Morris Fidanque de Castro (February 5, 1902 – December 9, 1966) was an American politician who served as Governor of the United States Virgin Islands.

==Early life==
De Castro was born in Panama City, Panama. Although he was Jewish, de Castro attended Roman Catholic High School of St. Thomas. His father was merchant David de Castro and his mother was Adah Fidanque. Immediately after graduating high school, de Castro obtained a job working as a clerk in the island's sanitation office. Over the years, de Castro remained in government and gradually rose through the ranks until he was appointed as the Commissioner of Finance in 1934.
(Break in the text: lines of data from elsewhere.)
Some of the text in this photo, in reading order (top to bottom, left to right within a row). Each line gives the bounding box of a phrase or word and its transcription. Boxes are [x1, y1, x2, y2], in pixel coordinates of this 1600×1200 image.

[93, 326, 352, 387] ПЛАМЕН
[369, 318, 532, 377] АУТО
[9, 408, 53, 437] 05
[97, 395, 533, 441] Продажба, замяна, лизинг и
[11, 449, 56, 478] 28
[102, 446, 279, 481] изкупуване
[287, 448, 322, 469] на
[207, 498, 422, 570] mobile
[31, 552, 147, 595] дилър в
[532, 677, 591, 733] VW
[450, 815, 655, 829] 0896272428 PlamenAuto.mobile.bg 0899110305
In 1939, de Castro was briefly made acting governor while Lawrence William Cramer was attending hearings in Washington, D.C.. This role usually fell to the government secretary, such as Robert Herrick in 1935, but de Castro given the position instead. During his brief tenure, the United States Virgin Islands was honored by an "unofficial" state visit by Frederik IX of Denmark, then still the Crown Prince, and his wife, Ingrid of Sweden. Over the years, de Castro continued to be a prominent choice whenever an acting governor was necessary.
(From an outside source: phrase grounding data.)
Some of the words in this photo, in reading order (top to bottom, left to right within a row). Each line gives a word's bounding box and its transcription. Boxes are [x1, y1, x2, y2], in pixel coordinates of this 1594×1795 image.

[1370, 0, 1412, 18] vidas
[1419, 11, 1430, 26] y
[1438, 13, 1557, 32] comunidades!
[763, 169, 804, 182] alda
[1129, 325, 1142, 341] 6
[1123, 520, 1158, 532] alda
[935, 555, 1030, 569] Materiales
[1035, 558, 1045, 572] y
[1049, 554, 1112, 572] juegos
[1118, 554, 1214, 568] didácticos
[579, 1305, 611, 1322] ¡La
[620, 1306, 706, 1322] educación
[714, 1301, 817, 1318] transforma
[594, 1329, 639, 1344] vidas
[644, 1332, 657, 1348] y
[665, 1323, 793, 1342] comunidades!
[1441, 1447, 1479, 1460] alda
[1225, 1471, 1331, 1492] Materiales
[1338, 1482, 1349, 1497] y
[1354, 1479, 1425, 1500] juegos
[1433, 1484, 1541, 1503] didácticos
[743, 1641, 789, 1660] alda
In 1944, he was promoted from Commissioner of Finance to an assistant to Governor Charles A. Harwood. In 1945, he was made government secretary and held that position until he was appointed full governor by President Harry S. Truman on February 28, 1950. (He was inaugurated March 4.) Though he was aware that he was under consideration for the position (he had been again made acting governor in the interim), he did not campaign for it though he indicated that he would take it, if offered. De Castro's appointment was considered by many as a symbol that the United States wanted increased self-government for its territories.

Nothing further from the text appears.